I pinpointed retail sales as the week’s biggest inflection point for Wall Street in Monday’s look ahead…
And we had lousy retail earnings that were slightly better than expected, which helped drive stocks higher. But earnings season is ending, so it’s important to look for new catalysts that could move the market.
An 0.1% month-over-month increase was expected in retail sales coming into the week, and we got 0.0%. But there’s a catch… the reason it was flat is due to the fact that energy prices came down in July.
So if you take out autos and gas, retail sales were actually quite a bit higher at 0.7%. If we look at what’s stressing the market right now, it’s the 10-year yield, which is up again Friday, and that’s going to be a negative stress on growth stocks like Cathie Wood’s ARK Innovation ETF, ARKK.

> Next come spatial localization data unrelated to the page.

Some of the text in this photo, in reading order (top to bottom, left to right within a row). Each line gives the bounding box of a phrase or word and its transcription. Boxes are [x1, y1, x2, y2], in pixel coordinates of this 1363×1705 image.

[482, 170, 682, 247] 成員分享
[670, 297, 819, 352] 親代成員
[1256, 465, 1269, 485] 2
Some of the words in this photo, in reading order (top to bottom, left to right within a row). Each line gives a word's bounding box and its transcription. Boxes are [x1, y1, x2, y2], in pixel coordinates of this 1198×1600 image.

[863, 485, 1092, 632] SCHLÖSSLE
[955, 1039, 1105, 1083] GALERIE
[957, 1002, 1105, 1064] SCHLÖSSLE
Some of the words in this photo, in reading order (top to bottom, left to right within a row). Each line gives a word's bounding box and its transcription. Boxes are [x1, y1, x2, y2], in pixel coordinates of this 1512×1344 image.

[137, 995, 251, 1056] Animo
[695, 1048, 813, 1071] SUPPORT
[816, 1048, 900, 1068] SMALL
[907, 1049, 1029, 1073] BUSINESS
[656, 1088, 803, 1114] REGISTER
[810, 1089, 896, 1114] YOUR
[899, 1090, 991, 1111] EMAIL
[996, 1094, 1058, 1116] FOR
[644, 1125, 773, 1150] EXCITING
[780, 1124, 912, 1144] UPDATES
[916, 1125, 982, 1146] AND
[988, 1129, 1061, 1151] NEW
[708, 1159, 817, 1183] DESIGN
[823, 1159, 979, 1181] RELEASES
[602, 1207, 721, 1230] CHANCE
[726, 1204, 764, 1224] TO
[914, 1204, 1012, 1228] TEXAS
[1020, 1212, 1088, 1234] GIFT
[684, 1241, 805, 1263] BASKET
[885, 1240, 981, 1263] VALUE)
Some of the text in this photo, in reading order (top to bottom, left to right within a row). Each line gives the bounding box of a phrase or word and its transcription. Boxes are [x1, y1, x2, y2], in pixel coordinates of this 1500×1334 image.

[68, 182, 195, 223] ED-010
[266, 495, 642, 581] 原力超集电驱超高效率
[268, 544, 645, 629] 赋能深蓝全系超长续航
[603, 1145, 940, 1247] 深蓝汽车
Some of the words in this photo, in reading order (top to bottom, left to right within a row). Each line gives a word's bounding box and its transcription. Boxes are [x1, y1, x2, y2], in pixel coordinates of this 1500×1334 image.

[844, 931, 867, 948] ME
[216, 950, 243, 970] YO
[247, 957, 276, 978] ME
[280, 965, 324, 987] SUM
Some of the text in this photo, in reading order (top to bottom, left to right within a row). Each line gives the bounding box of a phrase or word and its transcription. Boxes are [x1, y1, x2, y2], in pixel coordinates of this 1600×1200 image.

ARKK started the week around $52, we got stronger retail sales numbers excluding gas and autos, which means the Federal Reserve has more ramp to raise interest rates — and that’s not good for growth stocks.
So look what happened to ARKK, down to under $45 by Friday afternoon, a 14% haircut in just a few days…
This will keep moving the needle next week and something we have to pay attention to.
The stock market leads the real economy by about six months. And if you look at the past six months, we’ve done a complete 180 in the past month from super bearish to super bullish.